Manthan

Partitioning In Distributed Systems

· Manthan Gupta

Yeah, I have been away for half a year now. A lot has happened, and that’s for some other time or blog. But here we are to discuss partitioning in distributed systems. We will discuss different ways to partition data, how to relieve hot spots, strategies to rebalance partitions, etc.

Partition & Replication

partition_replication

We have already discussed replication in depth in my 3 part series. If you have missed it, you can find the 1st part here.

Our goal with partitioning is to spread the data and the query load evenly across nodes. The main reason for wanting to partition data is scalability. If the partitioning is unfair, such that some partitions have more data or query load than others, we call it skewed. The presence of skews makes partitioning much less effective. A partition with a disproportionately high load is called a hot spot.

To avoid hot spots, the simplest approach is to assign records randomly to nodes. But this isn’t a silver bullet solution, and the catch is that there is no way of knowing which node a particular item is on, so we have to query all nodes in parallel.

Partitioning by Key Range

One way of partitioning is to assign a contiguous range of keys to each partition. If the boundaries between ranges are known, you can easily determine which partitions contain a given key. If we also know which partition is assigned to which node, we can make direct requests to the appropriate node. Within each partition, we can keep keys in sorted order. It has the advantage that range scans are easy, but the downside is that certain access patterns can lead to hot spots. If a key is a timestamp, then, unfortunately, all the writers for a particular day go to the same partition if one partition per day.

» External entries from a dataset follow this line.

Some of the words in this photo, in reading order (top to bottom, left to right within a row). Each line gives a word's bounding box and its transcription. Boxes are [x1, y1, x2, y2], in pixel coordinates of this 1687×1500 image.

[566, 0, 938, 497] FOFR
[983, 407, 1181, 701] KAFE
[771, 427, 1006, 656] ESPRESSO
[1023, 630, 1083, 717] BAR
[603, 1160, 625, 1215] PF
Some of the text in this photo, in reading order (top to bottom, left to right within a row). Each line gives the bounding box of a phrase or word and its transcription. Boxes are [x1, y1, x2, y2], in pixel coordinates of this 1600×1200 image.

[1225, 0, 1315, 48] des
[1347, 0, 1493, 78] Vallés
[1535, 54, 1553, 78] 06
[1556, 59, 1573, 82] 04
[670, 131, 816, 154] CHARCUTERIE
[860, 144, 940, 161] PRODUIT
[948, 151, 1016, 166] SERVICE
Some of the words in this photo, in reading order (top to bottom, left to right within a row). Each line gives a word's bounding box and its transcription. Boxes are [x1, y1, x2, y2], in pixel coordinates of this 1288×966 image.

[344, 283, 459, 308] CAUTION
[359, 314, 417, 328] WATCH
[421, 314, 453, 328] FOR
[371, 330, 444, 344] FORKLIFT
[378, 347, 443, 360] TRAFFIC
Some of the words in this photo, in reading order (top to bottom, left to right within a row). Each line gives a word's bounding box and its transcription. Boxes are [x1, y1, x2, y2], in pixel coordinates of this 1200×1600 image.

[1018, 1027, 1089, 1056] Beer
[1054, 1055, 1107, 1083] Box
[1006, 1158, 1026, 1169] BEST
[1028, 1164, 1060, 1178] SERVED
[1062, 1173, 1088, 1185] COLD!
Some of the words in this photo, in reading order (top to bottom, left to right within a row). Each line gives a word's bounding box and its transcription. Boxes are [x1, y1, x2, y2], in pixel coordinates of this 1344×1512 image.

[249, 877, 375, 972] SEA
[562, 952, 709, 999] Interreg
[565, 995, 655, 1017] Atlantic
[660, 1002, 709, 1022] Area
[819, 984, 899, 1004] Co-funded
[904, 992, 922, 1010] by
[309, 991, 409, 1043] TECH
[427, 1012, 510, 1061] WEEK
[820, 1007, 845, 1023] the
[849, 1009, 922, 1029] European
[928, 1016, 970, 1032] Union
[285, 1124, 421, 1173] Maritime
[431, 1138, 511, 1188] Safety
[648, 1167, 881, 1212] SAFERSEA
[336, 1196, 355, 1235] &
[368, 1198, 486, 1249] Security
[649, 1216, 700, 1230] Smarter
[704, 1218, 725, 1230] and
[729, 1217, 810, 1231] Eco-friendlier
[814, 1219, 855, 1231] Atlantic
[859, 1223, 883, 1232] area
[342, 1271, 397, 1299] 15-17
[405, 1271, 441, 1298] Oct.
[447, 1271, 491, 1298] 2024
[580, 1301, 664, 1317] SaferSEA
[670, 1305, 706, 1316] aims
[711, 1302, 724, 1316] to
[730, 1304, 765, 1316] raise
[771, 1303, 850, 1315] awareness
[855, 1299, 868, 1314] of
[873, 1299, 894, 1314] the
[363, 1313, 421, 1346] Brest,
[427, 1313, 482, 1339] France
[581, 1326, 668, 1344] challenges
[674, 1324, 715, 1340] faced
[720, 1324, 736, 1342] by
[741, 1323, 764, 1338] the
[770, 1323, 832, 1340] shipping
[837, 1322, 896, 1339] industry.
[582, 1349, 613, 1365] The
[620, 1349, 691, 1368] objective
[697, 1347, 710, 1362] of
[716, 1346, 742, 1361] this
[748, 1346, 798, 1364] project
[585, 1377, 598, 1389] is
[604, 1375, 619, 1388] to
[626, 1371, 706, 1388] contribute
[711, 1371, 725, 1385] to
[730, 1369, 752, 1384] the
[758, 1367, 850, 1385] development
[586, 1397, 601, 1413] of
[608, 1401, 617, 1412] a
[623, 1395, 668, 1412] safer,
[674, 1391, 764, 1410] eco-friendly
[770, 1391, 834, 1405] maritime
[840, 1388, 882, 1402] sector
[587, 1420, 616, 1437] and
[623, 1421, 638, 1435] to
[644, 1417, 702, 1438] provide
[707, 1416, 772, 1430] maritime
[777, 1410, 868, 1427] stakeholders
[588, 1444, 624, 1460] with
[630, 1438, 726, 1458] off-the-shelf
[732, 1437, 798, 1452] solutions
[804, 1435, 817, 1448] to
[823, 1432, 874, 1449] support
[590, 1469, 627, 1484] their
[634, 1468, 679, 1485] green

Partitioning by Hash of Key

As seen in the previous method, the problem of hot spots can occur, so there is another way of partitioning used by many distributed data stores because of the risk of skew and hot spots i.e., to use a hash function to determine the partition for a given key. This technique is good at distributing keys fairly among the partitions. The partition boundaries can be evenly spaced or chosen pseudo-randomly, in which case the technique is sometimes known as consistent hashing. The tradeoff here is that the range queries aren’t efficient.

Skewed Workloads & Relieving Hot Spots

Partitioning by hashing a key can help reduce hot spots, but we can’t avoid them entirely. In the extreme case where all reads and writes are for the same key, we still end up with all requests routed to the same partition. For example, A celebrity user with millions of followers on a social media site may cause a storm of activity when they do something. It may result in a large volume of writes to the same key.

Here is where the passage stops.